Gleichzeitig zeigen sich aber auch viele Chancen und vielversprechende Kontextfaktoren und Entwicklungen die für die Etablierung von Bürgerenergie-Ansätzen positive wirken (können) und die in den untersuchten Ländern durchaus thematisiert und zum Teil auch bereits aktiv genutzt bzw. gefördert werden.

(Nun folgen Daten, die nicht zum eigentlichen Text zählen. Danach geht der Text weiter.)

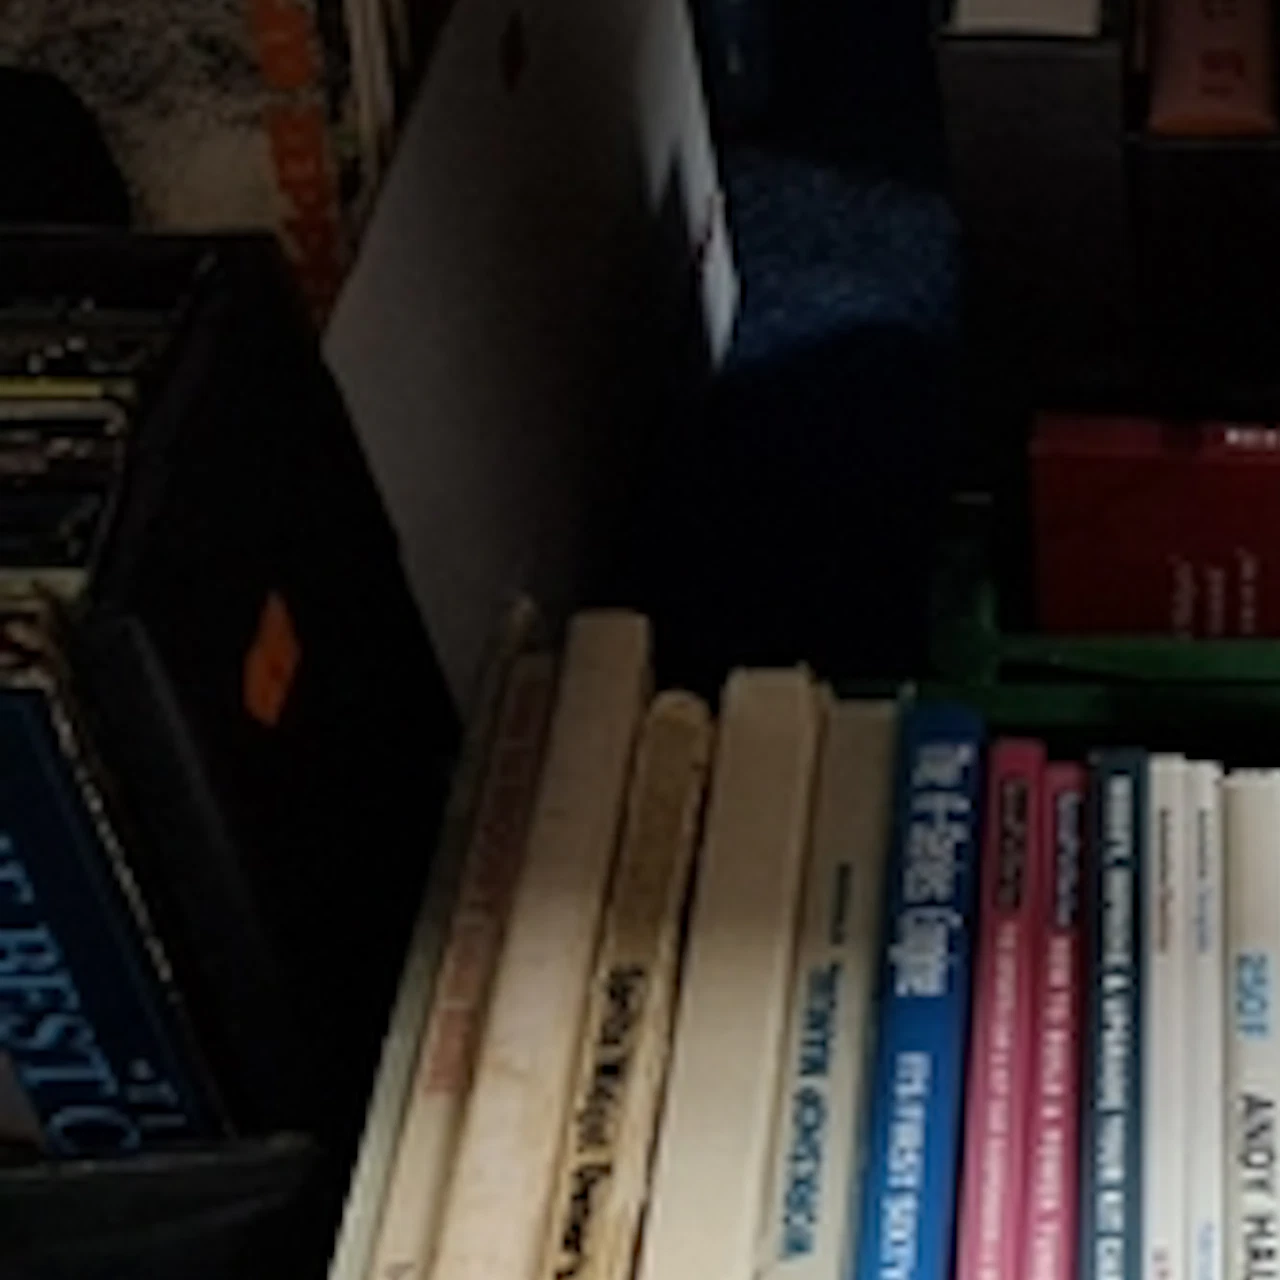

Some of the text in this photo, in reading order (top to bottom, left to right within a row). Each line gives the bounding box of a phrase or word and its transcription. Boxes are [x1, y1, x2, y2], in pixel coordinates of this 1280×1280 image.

[1234, 952, 1271, 1041] 250F
[883, 1098, 930, 1190] FIRST
[1238, 1092, 1276, 1194] ANDY
[1096, 1188, 1126, 1232] KIT

Dazu gehörten:
• Anstieg der Energiepreise in den letzten Jahren – Momentum und „Windows of opportunity“ für Bürger*innen, sich mit Energiethemen zu befassen (Interviews Kosovo, Bulgarien, Rumänien)
• die junge Generation ist gut vernetzt mit der Welt (Internet, soziale Medien, Studium/Arbeit im Ausland), dies führt zur Verbreitung von Ideen und z.T. zu einer Rückkehr von Personen mit Erfahrungen im Bereich Energiewende aus anderen Regionen in ihre Heimatländer (Interview Kosovo)
• Existenz engagierter Organisationen in fast jedem Land, die führend bei Kapazitätsaufbau und Lobbyarbeit sein können bzw. bereits sind
• die Bildung eines Netzwerks mit Austausch unter MOE-Staaten und mit westeuropäischen Ländern zum Thema Bürgerenergie (Austausch bewährter Verfahren usw.)
• Regierungen versuchen das Thema aufzugreifen und zu stärken, in vielen Ländern ist förderliche Gesetzgebung in Entwicklung.
Als ein klarer Schwerpunkt in Bezug auf notwendige Aktivitäten zur Unterstützung der Etablierung des Themas “Bürgerenergie” wurde in den untersuchten Ländern in Mittel- und Osteuropa die Lobbyarbeit, der Kapazitätsaufbau und die finanzielle Unterstützung von Bürger-Initiativen sowie Know-how, Etablierung und Austausch von Pilotprojekten und Erfahrungen mit bewährten Verfahren gesehen. Hier setzen auch die von der DBU nun im Förderschwerpunkt “Bürgerenergie” unterstützten Projekte an, mit unterschiedlichen Fokussierungen. Ein Austausch und eine Zusammenführung der dort generierten Ergebnisse und Erfahrungen kann in den Ländern Mittel- und Osteuropas die Verankerung der Idee von Bürgerenergiegemeinschaften sicherlich befördern und sollte unterstützt werden.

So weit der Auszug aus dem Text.